Supplemental Guidance
Identity proofing is the process of collecting, validating, and verifying a user’s identity information for the purposes of establishing credentials for accessing a system. Identity proofing is intended to mitigate threats to the registration of users and the establishment of their accounts. Standards and guidelines specifying identity assurance levels for identity proofing include [SP 800-63-3](#737513fa-6758-403f-831d-5ddab5e23cb3) and [SP 800-63A](#9099ed2c-922a-493d-bcb4-d896192243ff) . Organizations may be subject to laws, executive orders, directives, regulations, or policies that address the collection of identity evidence. Organizational personnel consult with the senior agency official for privacy and legal counsel regarding such requirements.
Practitioner Notes
Identity proofing is the process of verifying that a person is who they claim to be before issuing them an account.

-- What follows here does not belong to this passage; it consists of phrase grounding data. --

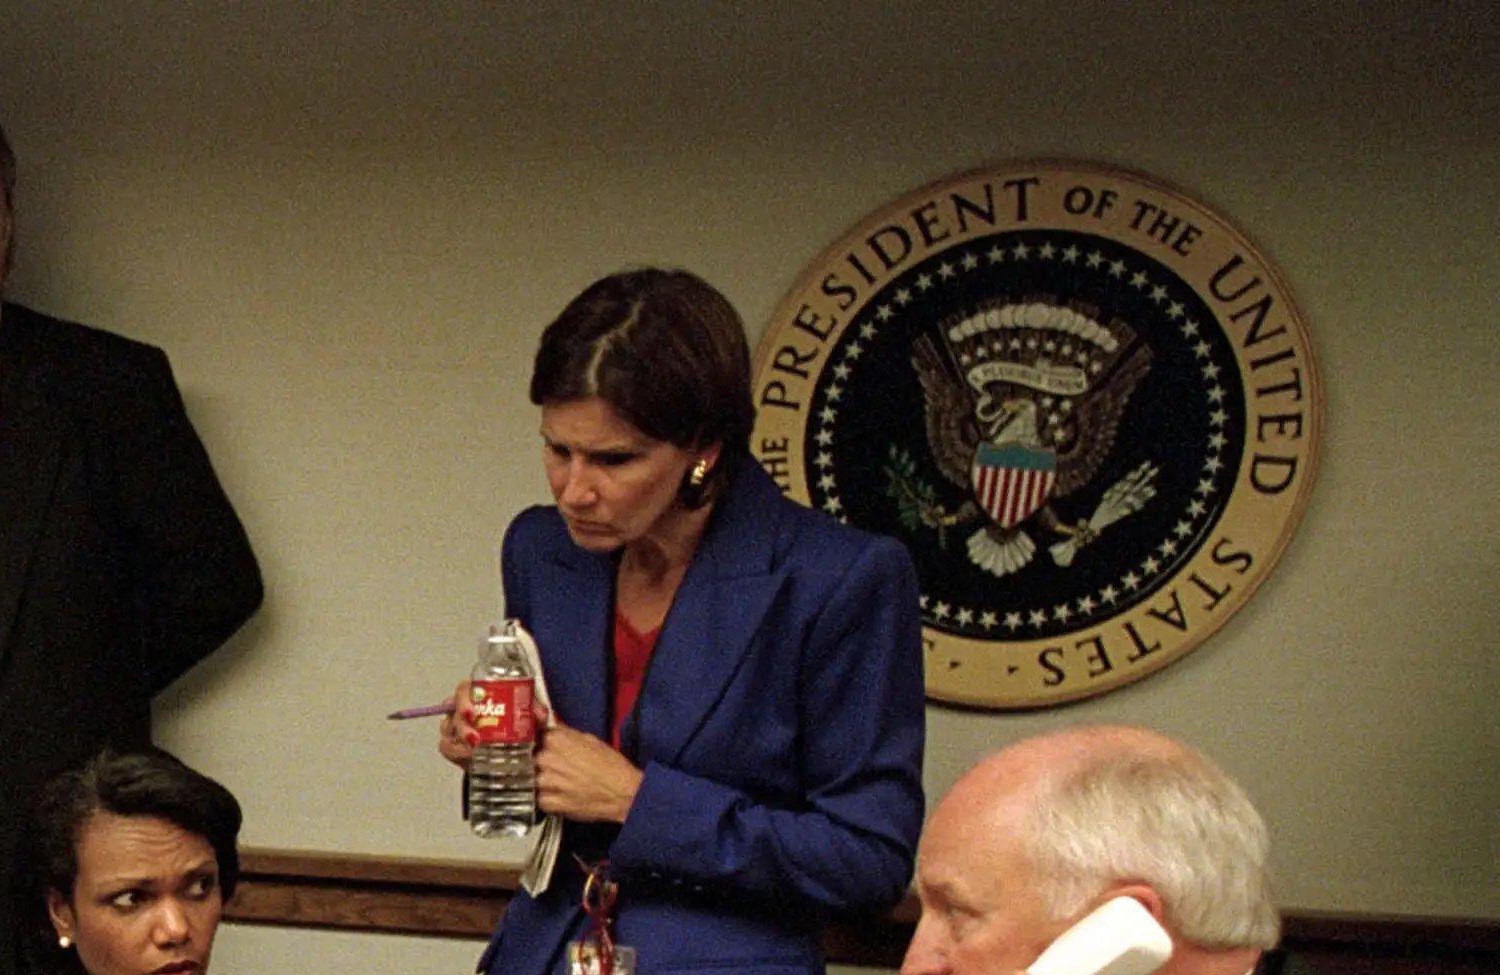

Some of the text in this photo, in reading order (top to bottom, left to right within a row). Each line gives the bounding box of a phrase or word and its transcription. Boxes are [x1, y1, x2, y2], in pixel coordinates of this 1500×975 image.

[1063, 184, 1118, 217] OF
[1131, 200, 1203, 257] THE
[762, 177, 1039, 412] PRESIDENT
[1208, 255, 1303, 496] UNITED
[1038, 536, 1254, 687] STATES
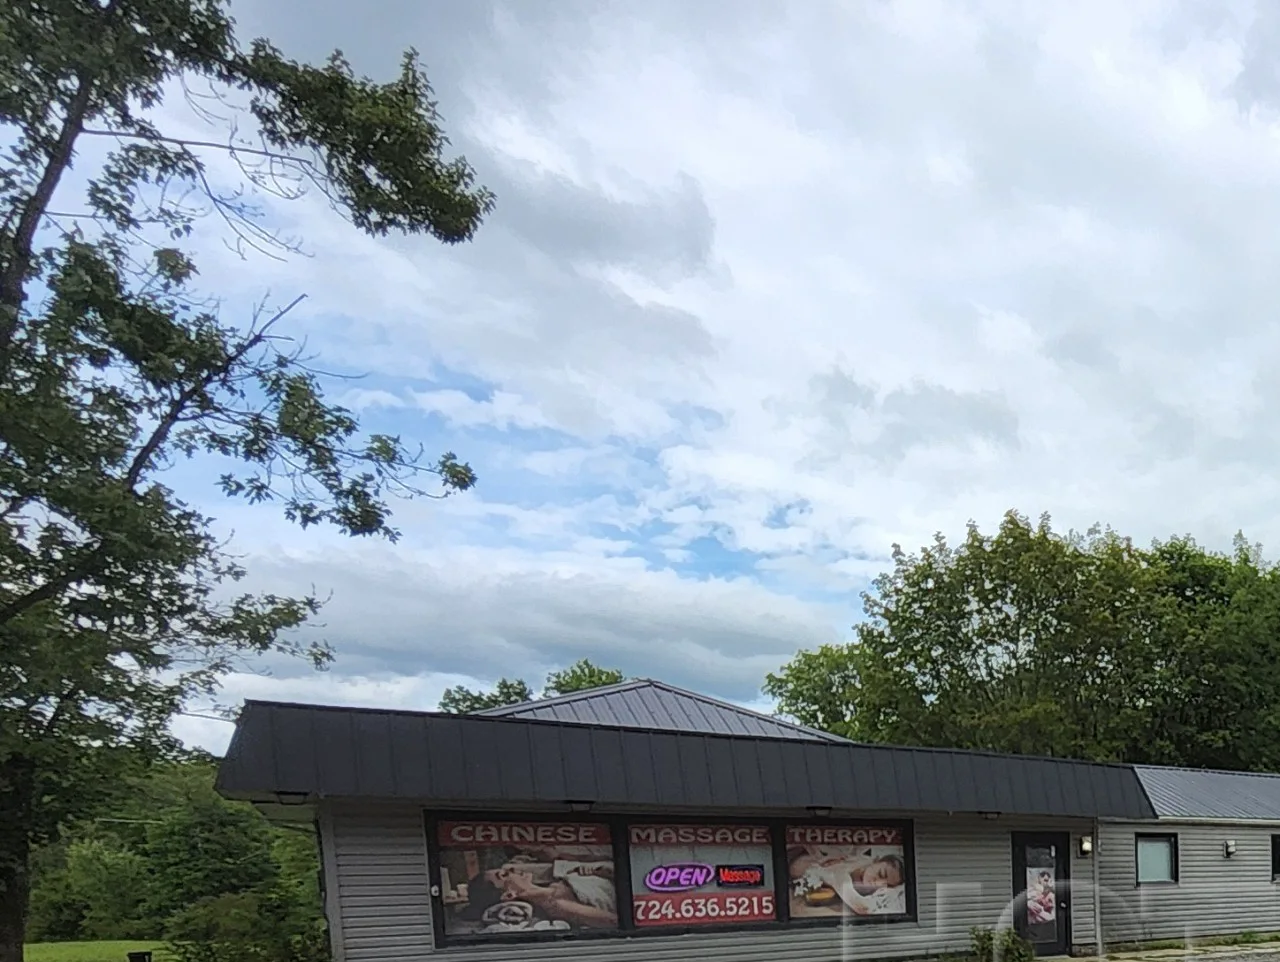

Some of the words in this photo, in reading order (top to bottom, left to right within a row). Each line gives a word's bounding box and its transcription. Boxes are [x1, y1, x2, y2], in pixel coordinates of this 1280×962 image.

This happens before authentication — you need to confirm their real-world identity first.
Example 1: During onboarding, require new employees to present government-issued photo ID and complete an I-9 verification before HR authorizes IT to create their account.
Example 2: For remote identity proofing, use a NIST SP 800-63A compliant service that performs document verification, photo matching, and knowledge-based verification.